North Carolina Makes Ski-Slope Hit-and-Run a Crime Under the New Winter Sports Safety Act (SB 648)

North Carolina Makes Ski-Slope Hit-and-Run a Crime Under the New Winter Sports Safety Act (SB 648)
North Carolina has made it a crime to cause a collision on a ski slope and leave without identifying yourself. Senate Bill 648, the Winter Sports Safety Act, was signed into law by Governor Josh Stein in early July 2026 and takes effect October 1, 2026, in the first major overhaul of the state's ski-safety statute in roughly 45 years.
Information last verified on July 9, 2026. This is a developing story; we update it as the record changes.
Jurisdiction scope: This article addresses North Carolina law under Senate Bill 648 as applied to winter-sports collisions. It does not address roadway hit-and-run rules or the laws of other states. For North Carolina's motor-vehicle rule, see our guide to North Carolina hit-and-run laws.
What Happened
Governor Josh Stein signed Senate Bill 648, the Winter Sports Safety Act, into law in early July 2026, and it takes effect October 1, 2026. The bill passed the North Carolina General Assembly with bipartisan support during the 2025-2026 session. It is the first significant update to the state's ski-safety statute in roughly 45 years, modernizing rules written before snowboarding, terrain parks, and electronic lift tickets were common.
The provision drawing the most attention makes it a Class 1 misdemeanor to leave the scene of a collision on the slopes without identifying yourself. That mirrors the logic of a roadway hit-and-run law: a person involved in a crash has a duty to stop and provide identifying information rather than ski away. The law reaches North Carolina's small set of ski areas, roughly six operations concentrated in the state's western mountains.

What the Law Actually Says
SB 648 rewrites Chapter 99C of the North Carolina General Statutes, the article addressing winter-sports safety and accidents. Beyond the new hit-and-run offense, the law updates the respective duties of skiers and ski-area operators and refreshes the assumption-of-risk framework that has long governed these cases. Assumption of risk is the principle that a participant accepts the inherent dangers of a sport, such as variations in terrain and weather, which can limit an operator's liability for injuries flowing from those inherent risks.
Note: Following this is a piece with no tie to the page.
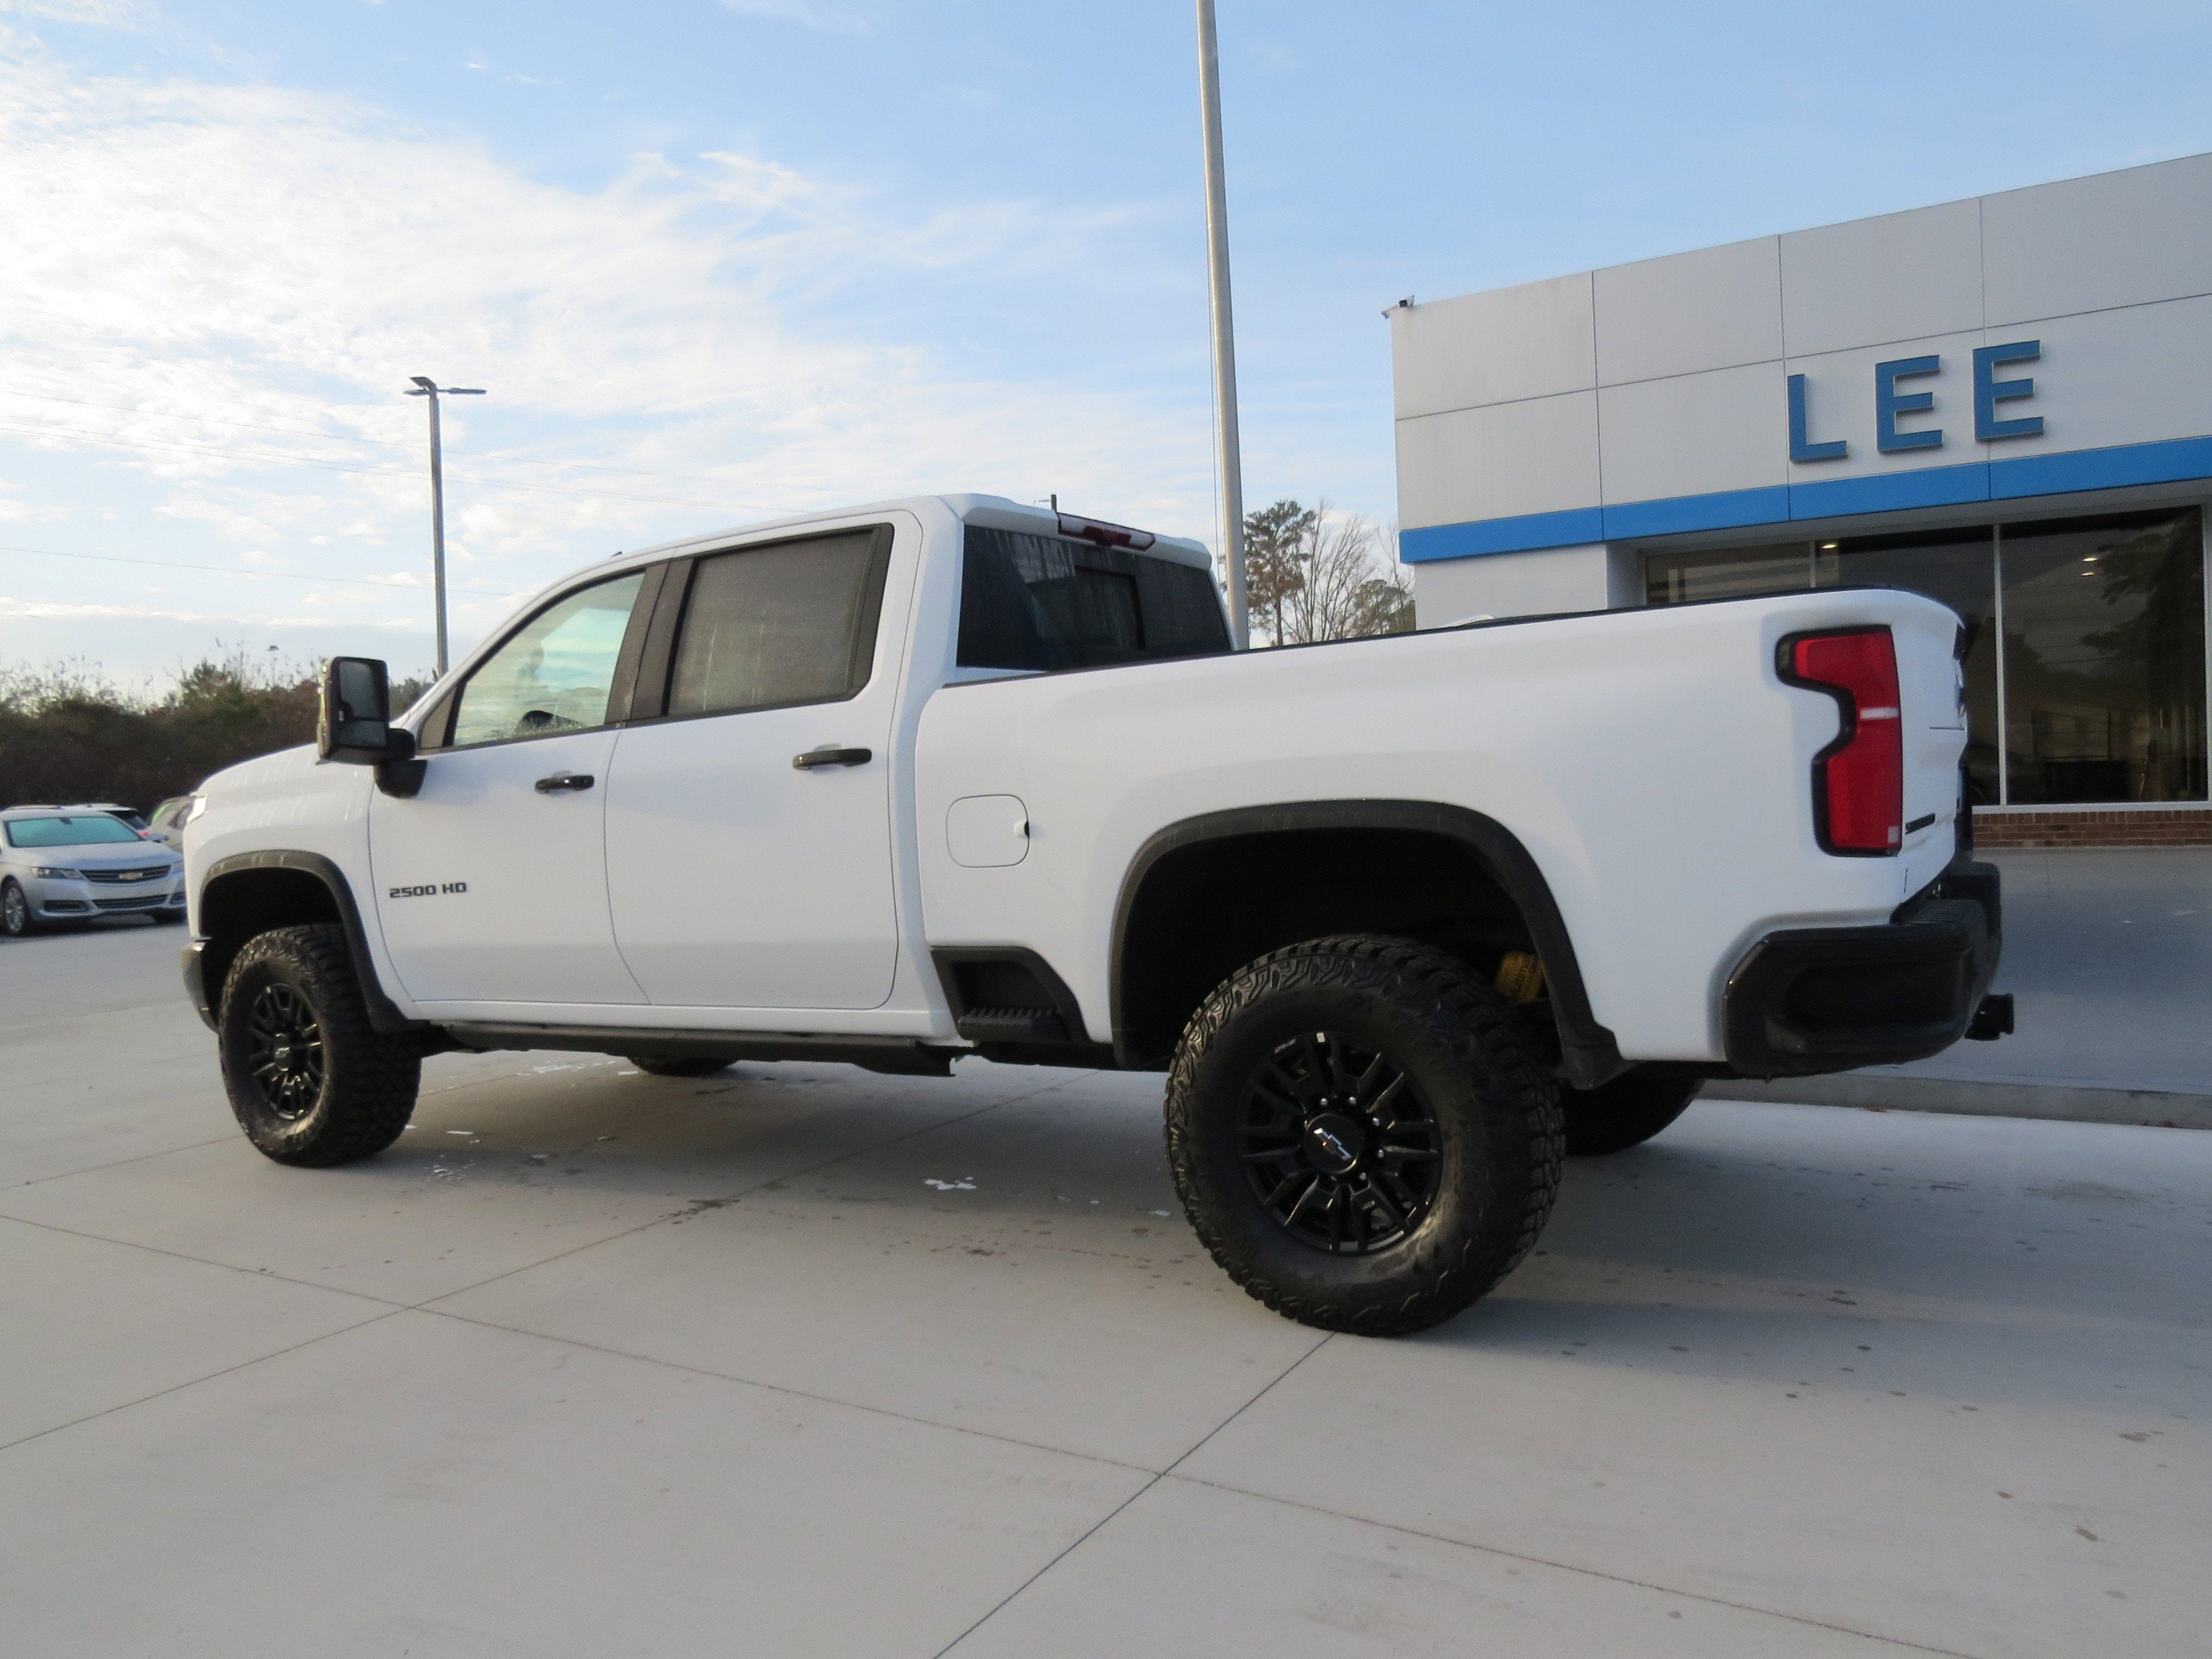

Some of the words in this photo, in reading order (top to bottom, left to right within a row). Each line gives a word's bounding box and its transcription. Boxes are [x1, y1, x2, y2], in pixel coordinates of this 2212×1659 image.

By restating those duties in modern terms, the statute clarifies who is responsible for what when a collision or fall occurs.
The Class 1 misdemeanor for leaving the scene is the criminal layer. In North Carolina, a Class 1 misdemeanor is a mid-level misdemeanor whose maximum punishment depends on a defendant's prior record. That criminal charge sits alongside, and does not replace, any civil claim an injured skier might pursue against the person who hit them. The identifying-information duty is what makes a civil claim practical in the first place: a victim generally cannot sue a skier who disappears without a name. For how the state handles the more familiar roadway version of this duty, see our explainer on North Carolina hit-and-run laws, and for the civil side of vehicle collisions, our guide to North Carolina car accident laws. The broader national picture is covered in our hit-and-run laws by state overview.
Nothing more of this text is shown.